Swedish Defense Minister Pal Jonson said the aid package was the largest yet his country is supplying to Ukraine, and that the equipment and weapons meet "some of Ukraine's most pressing needs."

"Ukraine is not only defending its own freedom but that of all of Europe," Jonson said. "Sweden will stand with Ukraine for as long as it takes. Russia cannot be allowed to win this war."

Ukrainian Prime Minister Shmyhal said Tuesday that while Ukraine's military has gotten U.S. and European support, it needs more long-range missiles to bolster its air defenses against Russian attacks.

"Unfortunately, now they prevail in the air and unfortunately this leads to some consequences from the frontline," Shmyhal said.

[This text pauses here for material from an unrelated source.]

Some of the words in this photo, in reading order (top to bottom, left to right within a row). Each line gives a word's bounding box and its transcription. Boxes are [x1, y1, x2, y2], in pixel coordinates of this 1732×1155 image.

Zelenskyy said Monday after visiting the front line near the northeastern city of Kupiansk that Russia is exploiting delays in military aid to Ukraine.

"There is now an extremely difficult situation in several parts of the front line, precisely where Russian troops have concentrated maximum reserves," Zelenskyy said.

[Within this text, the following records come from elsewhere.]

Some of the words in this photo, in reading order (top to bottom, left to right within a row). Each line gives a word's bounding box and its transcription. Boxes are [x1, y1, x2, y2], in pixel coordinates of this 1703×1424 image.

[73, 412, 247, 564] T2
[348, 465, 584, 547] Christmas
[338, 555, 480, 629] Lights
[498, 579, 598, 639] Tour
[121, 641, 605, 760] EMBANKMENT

Ukraine's biggest supplier of military aid, the United States, has not delivered a new round of aid since December when funding ran out.

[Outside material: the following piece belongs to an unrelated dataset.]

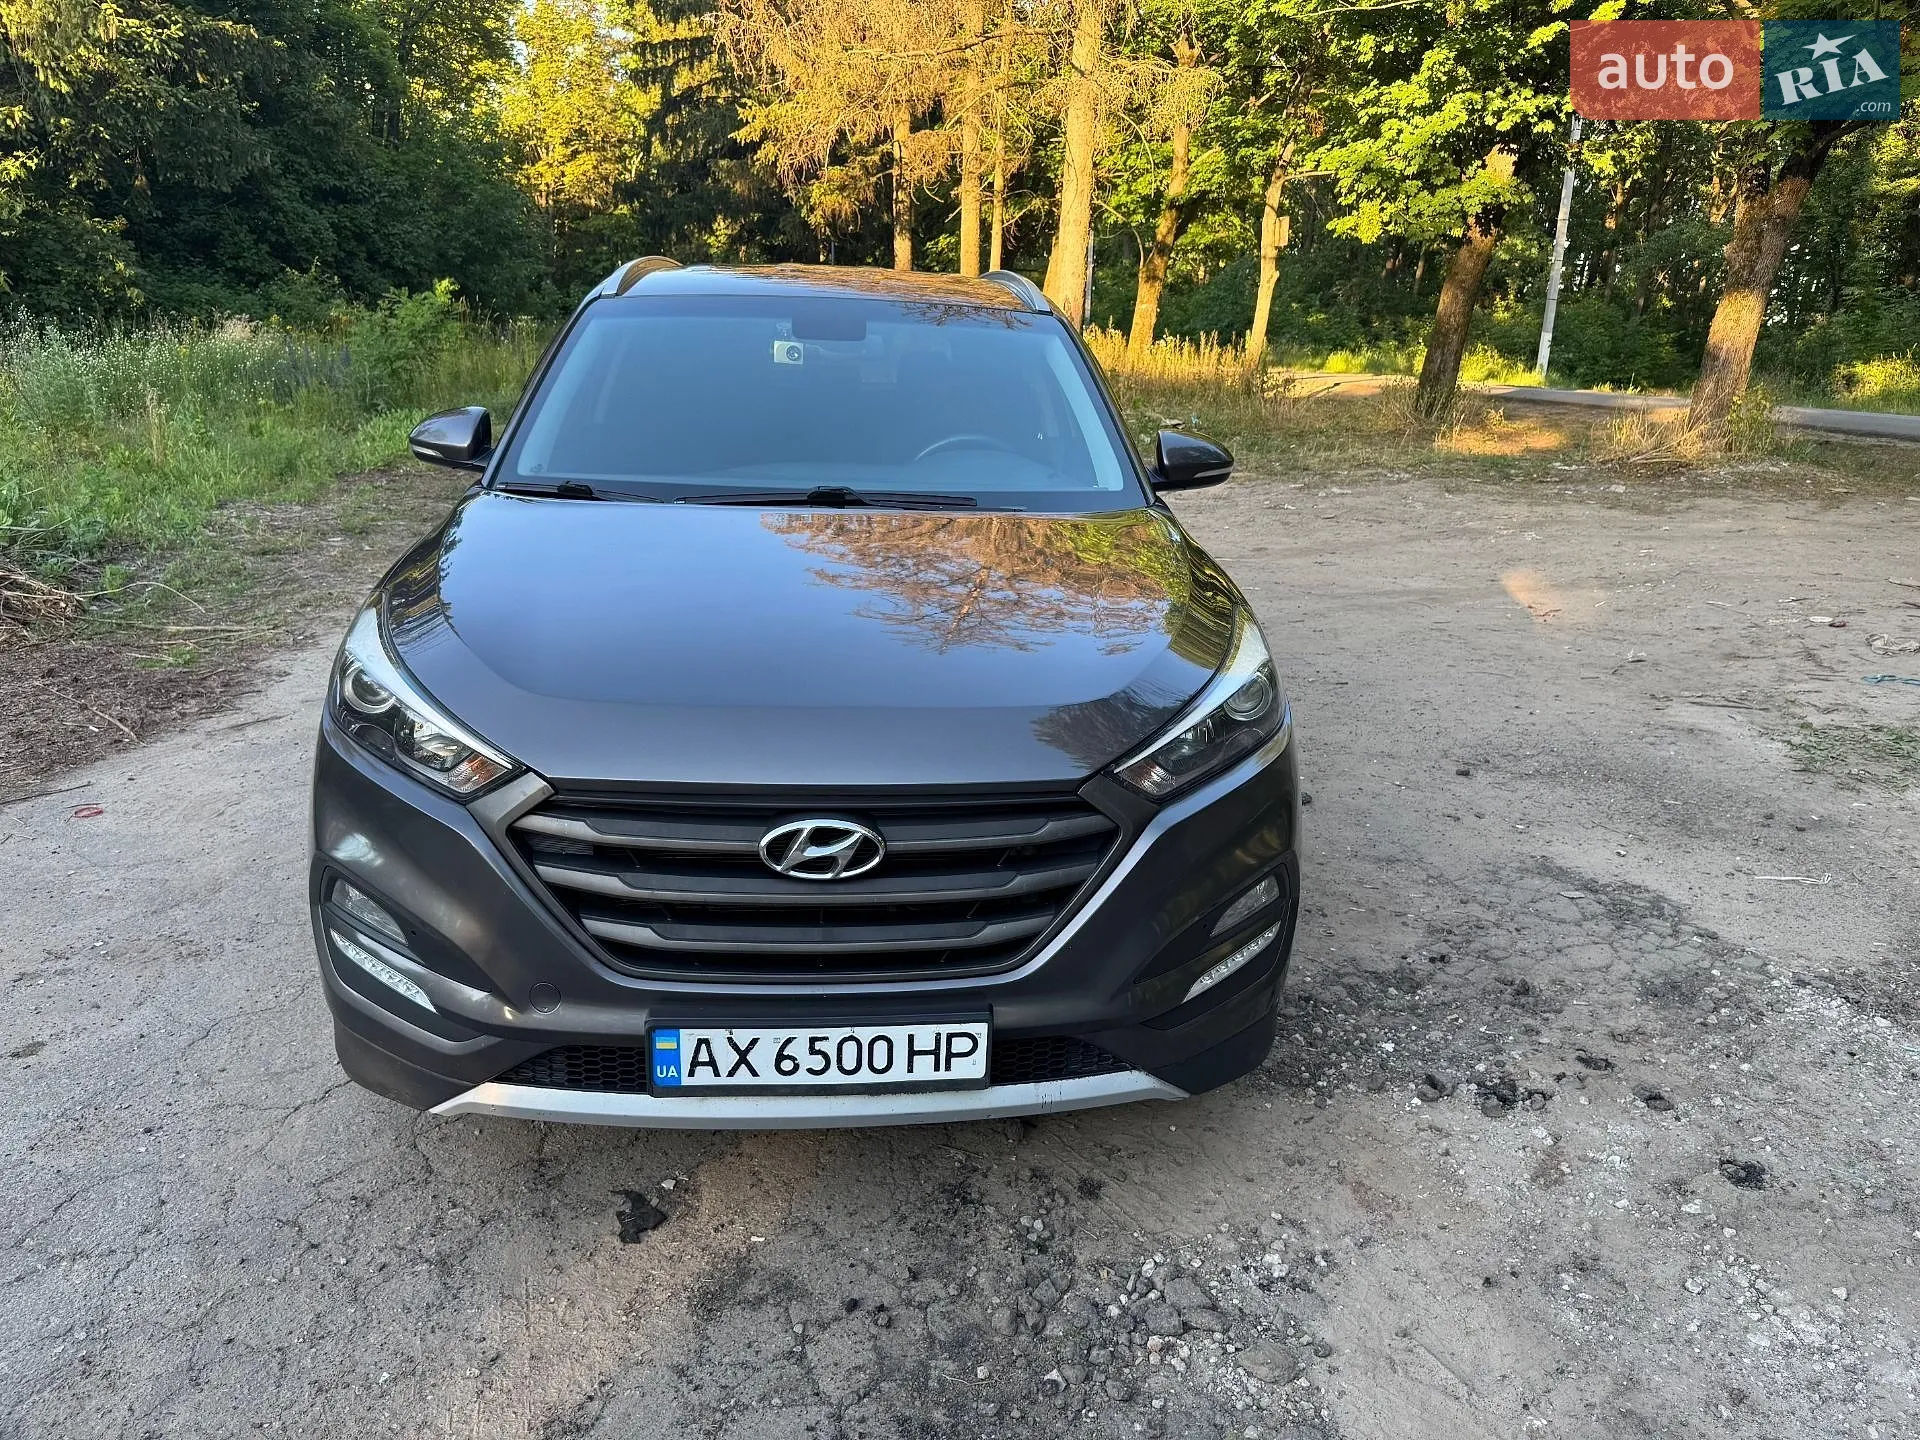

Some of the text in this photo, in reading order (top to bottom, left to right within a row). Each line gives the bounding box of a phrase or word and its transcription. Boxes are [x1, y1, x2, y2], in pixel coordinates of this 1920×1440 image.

[687, 1031, 979, 1078] AX 6500 HP
[656, 1065, 678, 1078] UA
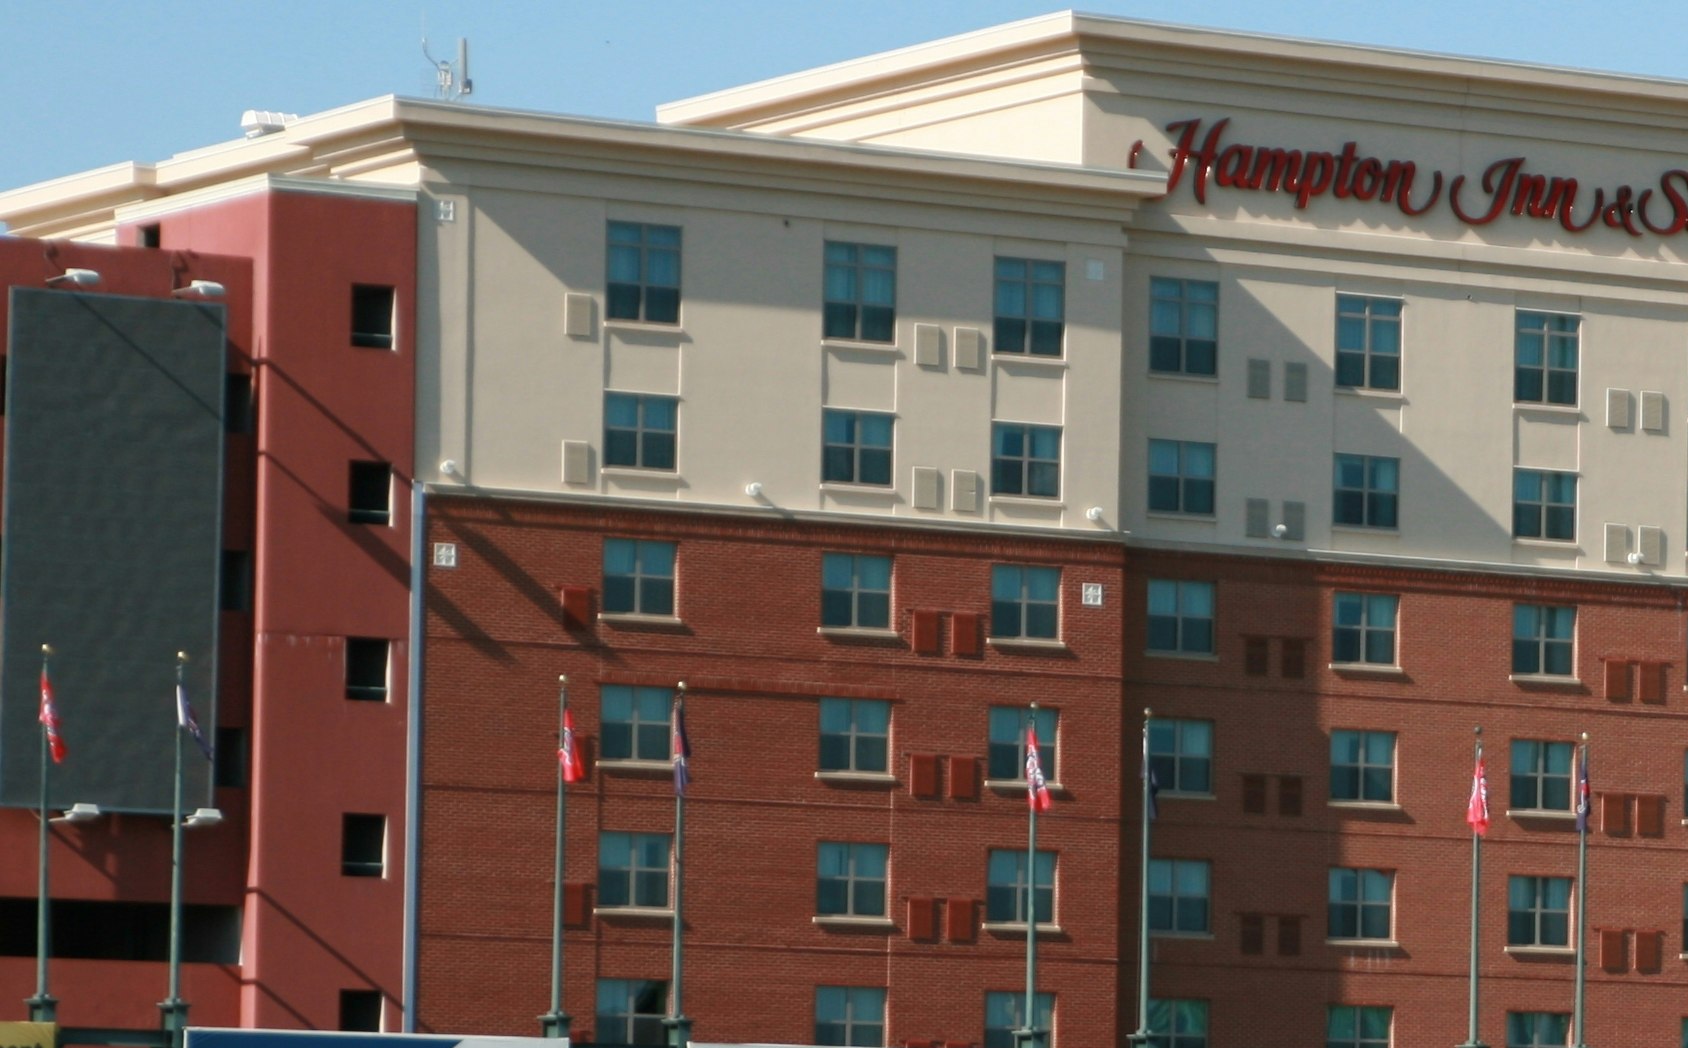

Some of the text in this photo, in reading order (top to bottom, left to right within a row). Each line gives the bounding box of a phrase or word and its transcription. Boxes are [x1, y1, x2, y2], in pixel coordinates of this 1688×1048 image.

U.S. President Joe Biden has struggled to push a $95 billion package of international security assistance for Ukraine, Israel and Taiwan through Congress over the opposition of numerous Republican lawmakers.

Biden said Monday he would be willing to meet with House Speaker Mike Johnson to discuss the issue.

"Sure I'd be happy to meet with him, if he has anything to say," Biden told reporters Monday.

At the same time, Biden swiped at Republican lawmakers for not continuing to fund

Ukraine's two-year fight to defend itself against Russia's invasion.

"The way they're walking away from the threat of Russia. The way they're walking away from NATO. The way they're walking away from meeting our obligations ... I've never seen anything like it," Biden said.

A spokesperson for Johnson said the speaker had been trying to meet with Biden for weeks. Raj Shah welcomed Biden's "openness to meeting with Speaker Johnson about the best path forward for securing the nation," and said, "It's long overdue."

With bipartisan support, the Democratic-controlled Senate approved the spending package. Johnson, leader of the narrow Republican majority in the House of Representatives, has balked at sending the measure to the House floor for a vote, in part because former President Donald Trump opposes the new aid.

Johnson has complained that the foreign assistance package contains no new controls to block the influx of tens of thousands of illegal migrants crossing from Mexico into the United States. But Senate Republicans, at the behest of Trump, blocked consideration of a bipartisan proposal to tighten migration restrictions.

Russia sanctions

Ukraine's military reported fresh Russian drone attacks Tuesday, while pressure built toward new sanctions against Russia following the death of imprisoned opposition leader Alexey Navalny.

Ukraine's air force said the country's air defenses destroyed all 23 Russian drones. The intercepts happened over multiple regions of Ukraine, including Kharkiv, Dnipropetrovsk, Kherson and Mykolaiv.

The Russian attack also included four guided missiles. There were no immediate reports of damage or casualties.

Shmyhal on Tuesday urged Japan and the European Union to enact new sanctions against Russia.

EU foreign policy chief Josep Borrell said Monday that Russian President Vladimir Putin "will be held accountable" for Navalny's death.

Biden said Monday his administration is considering additional Russia sanctions, and he blamed Russian President Vladimir Putin and the Russian leader's "thugs" for Navalny's death last week.

"We already have sanctions," Biden told reporters at the White House, "but we're considering additional sanctions, yes."

Some information for this report came from The Associated Press, Agence France-Presse and Reuters.